Whether you are already familiar with the term mindfulness, or the concept of mindfulness is new to you, this practice is an important part of our mental wellness and overall health as adults. You may be surprised to learn that mindfulness for kids is equally important to their development, overall sense of wellbeing, and their awareness of the world around them. 

In this article, we are sharing simple, fun activities you can use to practice mindfulness with your child today! For more mindfulness activities for kids, be sure to download Kinedu to join expert-led mindfulness classes for parents and children!

What is Mindfulness?

Mindfulness is a practice that involves focusing your awareness on the present moment and acknowledging all of the thoughts, stimuli, and sensations of your immediate surroundings. 

Practicing mindfulness can have wonderful effects on your child’s behavior, mood, and focus. By improving these factors, your child will be able to spend more time developing their physical, cognitive, and language skills. 

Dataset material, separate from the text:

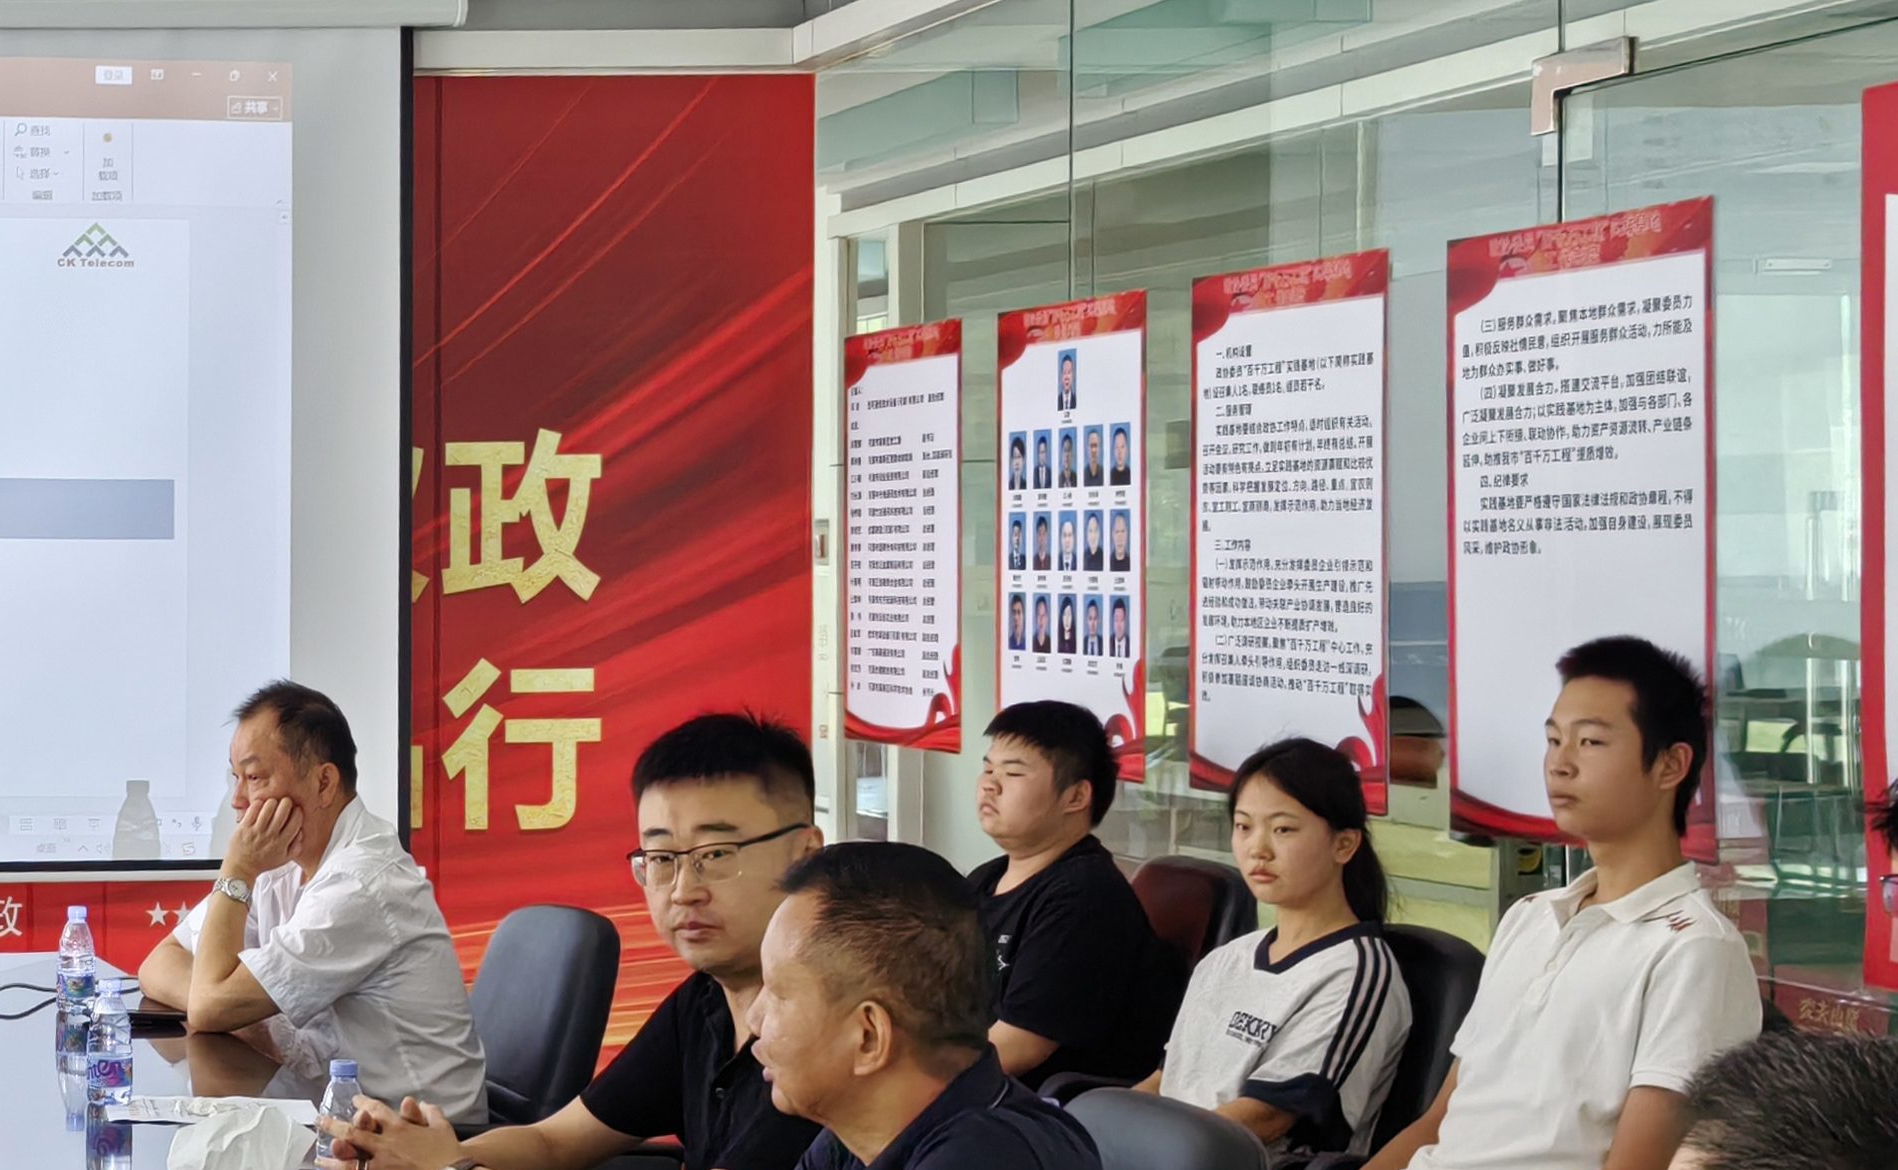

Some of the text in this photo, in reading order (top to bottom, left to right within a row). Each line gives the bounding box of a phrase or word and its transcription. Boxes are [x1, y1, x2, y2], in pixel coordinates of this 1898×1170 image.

[244, 100, 269, 114] 共享
[57, 257, 135, 268] CK Telecom
[412, 428, 602, 604] 政
[411, 657, 602, 831] 行

As a parent, mindfulness can help you to stay present in the moments with your child and improve your connection and bond, as well as help you to regulate stress and overwhelm. By practicing mindfulness with your kids, you both get to experience the many benefits of “being in the present” and can continue to bond and grow together. 

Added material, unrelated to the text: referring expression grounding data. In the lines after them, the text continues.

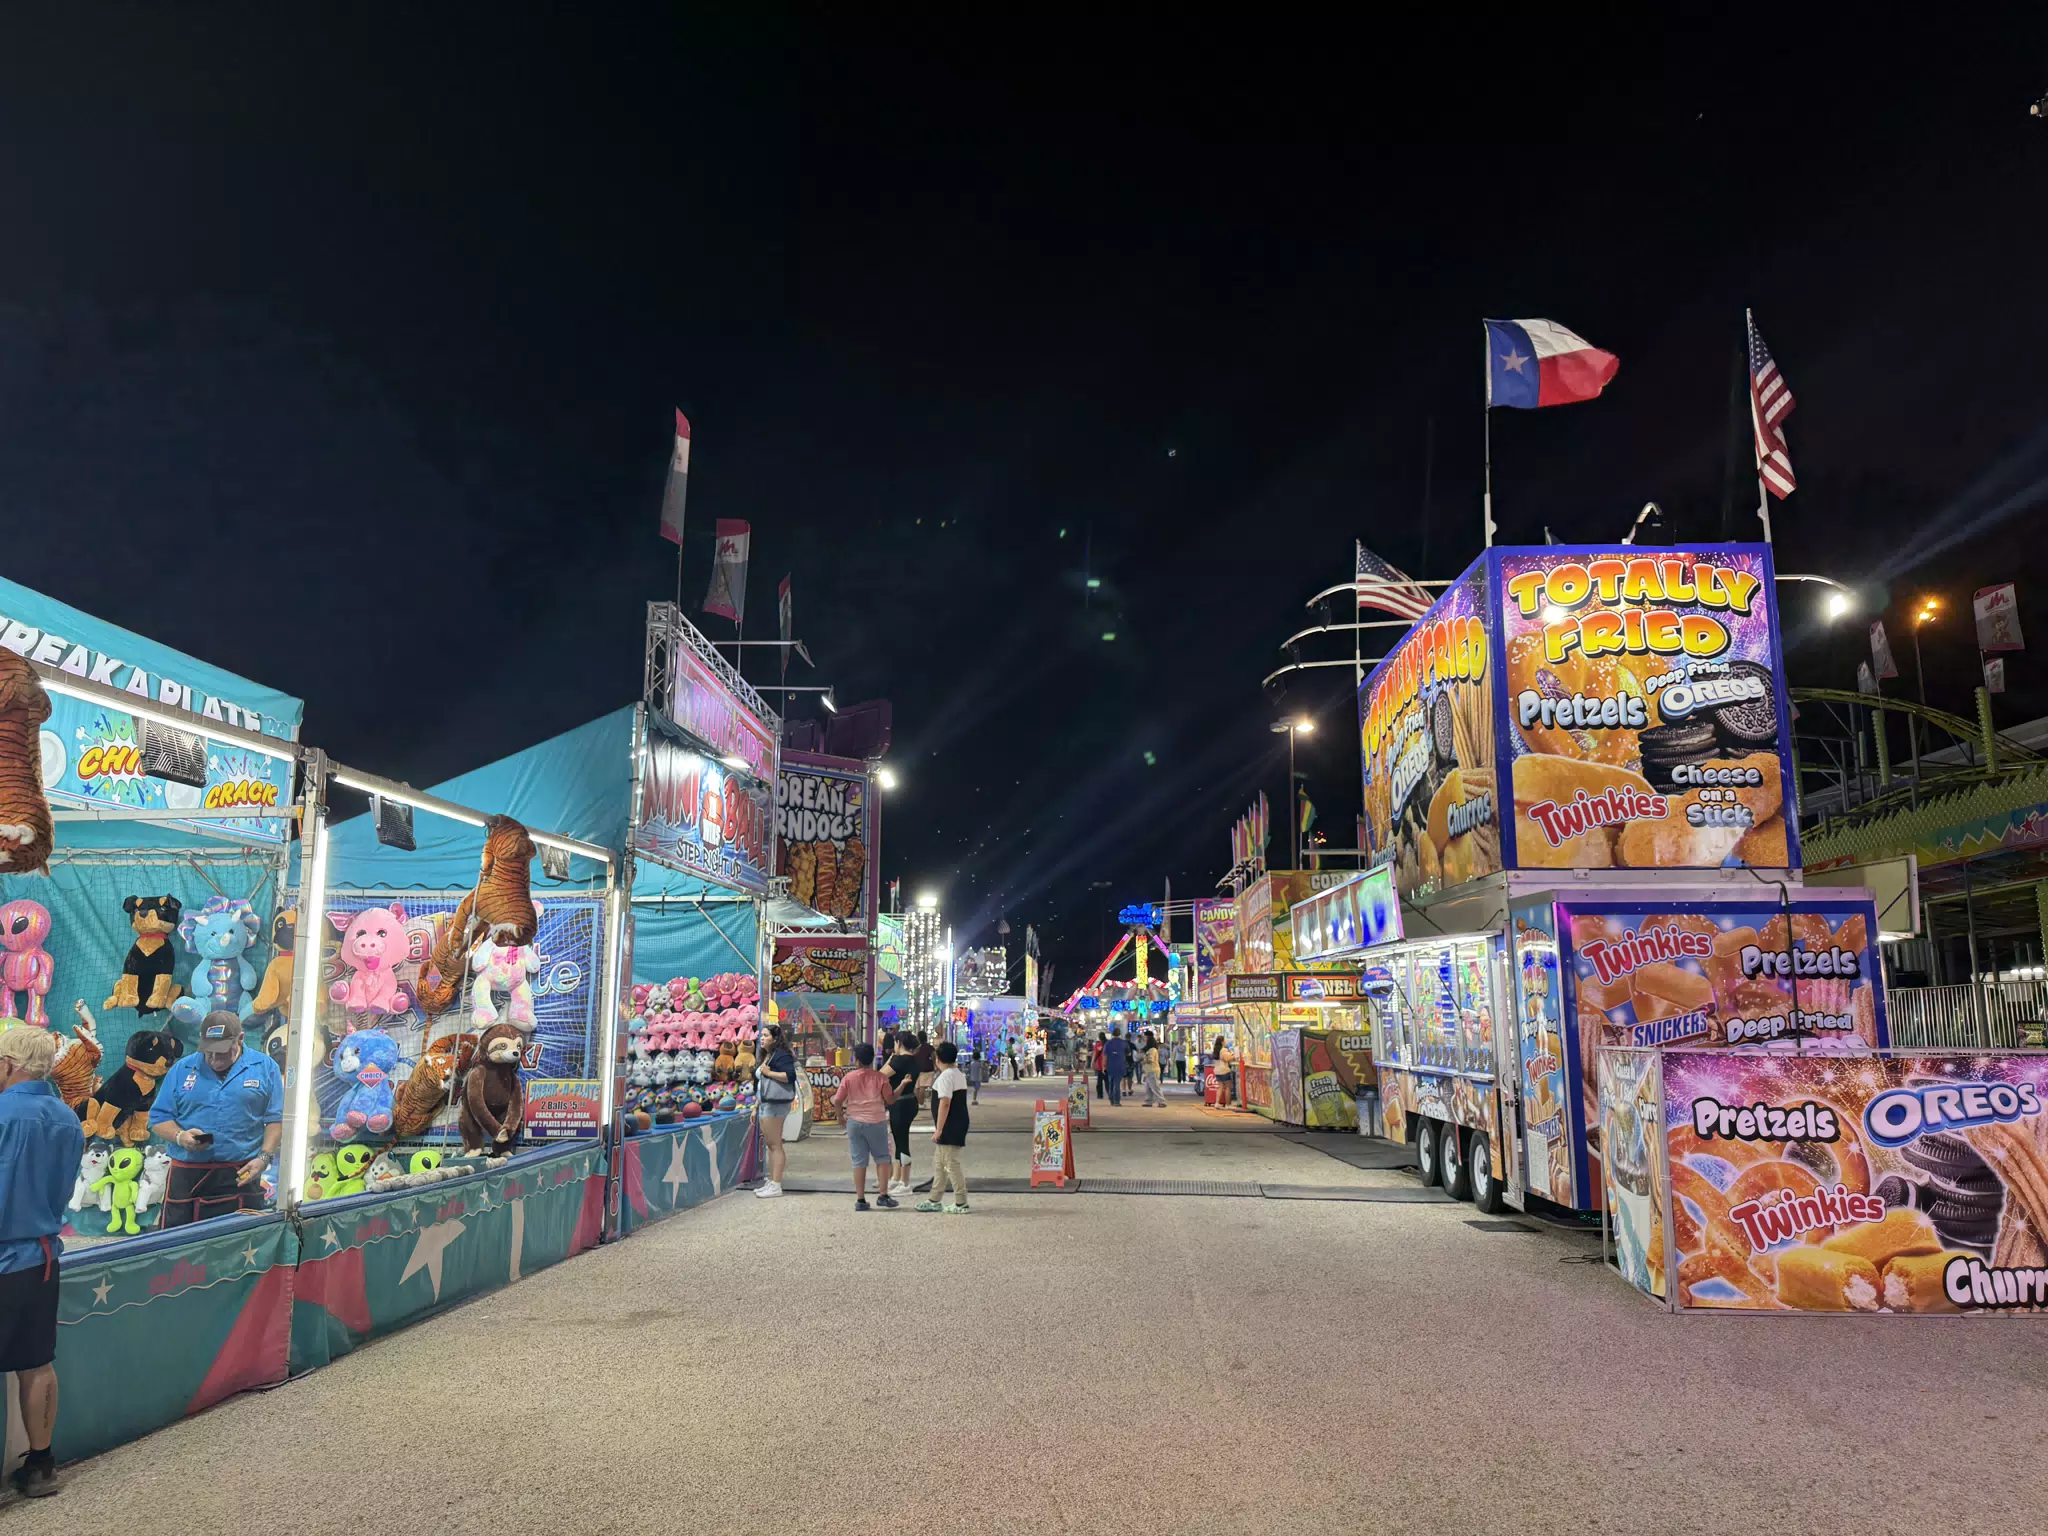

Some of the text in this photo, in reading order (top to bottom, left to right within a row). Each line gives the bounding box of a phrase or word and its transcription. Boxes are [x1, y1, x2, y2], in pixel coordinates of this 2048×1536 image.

[1508, 559, 1759, 614] TOTALLY
[1542, 611, 1728, 661] FRIED
[0, 616, 124, 686] REAK
[126, 666, 149, 698] A
[1362, 616, 1486, 772] TOTALLY FRIED
[1646, 662, 1729, 694] Deep Fried
[1518, 693, 1645, 727] Pretzels
[1661, 677, 1765, 717] OREOS
[78, 745, 146, 780] CHI
[1672, 765, 1760, 785] Cheese
[204, 780, 279, 809] CRACK
[777, 775, 845, 815] OREAN
[1699, 791, 1736, 804] on a
[724, 776, 767, 872] BALL
[776, 807, 854, 841] RNDOGS
[1448, 791, 1491, 836] Churros
[1529, 786, 1668, 846] Twinkies
[1686, 804, 1752, 825] Stick
[676, 837, 742, 879] STEP RIGHT UP
[1200, 908, 1234, 921] CANDY
[811, 949, 848, 959] CLASSIC
[1582, 926, 1712, 984] Twinkies
[1741, 945, 1857, 977] Pretzels
[1230, 986, 1278, 998] LEMONADE
[1293, 979, 1353, 995] FNEL
[1633, 1013, 1707, 1047] SNICKERS
[1726, 1010, 1852, 1043] Deep Fried
[541, 1101, 546, 1110] 2
[548, 1101, 567, 1110] Balls
[1695, 1099, 1838, 1140] Pretzels
[1867, 1084, 2040, 1144] OREOS
[1732, 1186, 1884, 1251] Twinkies

Benefits Of Mindfulness For Kids And Adults

Some of the main benefits of mindfulness for kids and adults are:

  • Enhanced neurological process of executive functions.
  • Improved relationship with yourself and those around you.
  • Increased concentration, creativity, and clarity.
  • Increased positive emotions.
  • Reduced stress.
  • Improved sleep and rest.
  • Reduced muscle aches.
  • Reduced anxiety, worry, and fear.
  • Increased mental flexibility.

Mindfulness practice is something you can begin introducing to your child’s everyday schedule little by little, with fun activities you can do together right at home. 

Mindfulness Activities For Kids

While many people associate mindfulness with meditation, meditation is only one way to help encourage being mindful and present in the moment and to reap the benefits of mindfulness for kids. 

There are a number of fun, interactive, and creative ways to introduce this practice to your child. Here are some of the best mindfulness activities for kids:

1. Kick and Balance 

  • Recommended Age: 25 months and up
  • Development: Physical
  • Goal: To foster your child’s awareness, mindfulness and cognitive flexibility
  • Skills Practiced: Balance
  • Supplies Needed:
    • Tape
    • Balls

How To:

For this activity, find a place to play with your child. Tape two lines on the floor to create a path. Ask your little one to try walking inside of it. Set the example and show them how. You can make this easier or more challenging by changing the width of the path. 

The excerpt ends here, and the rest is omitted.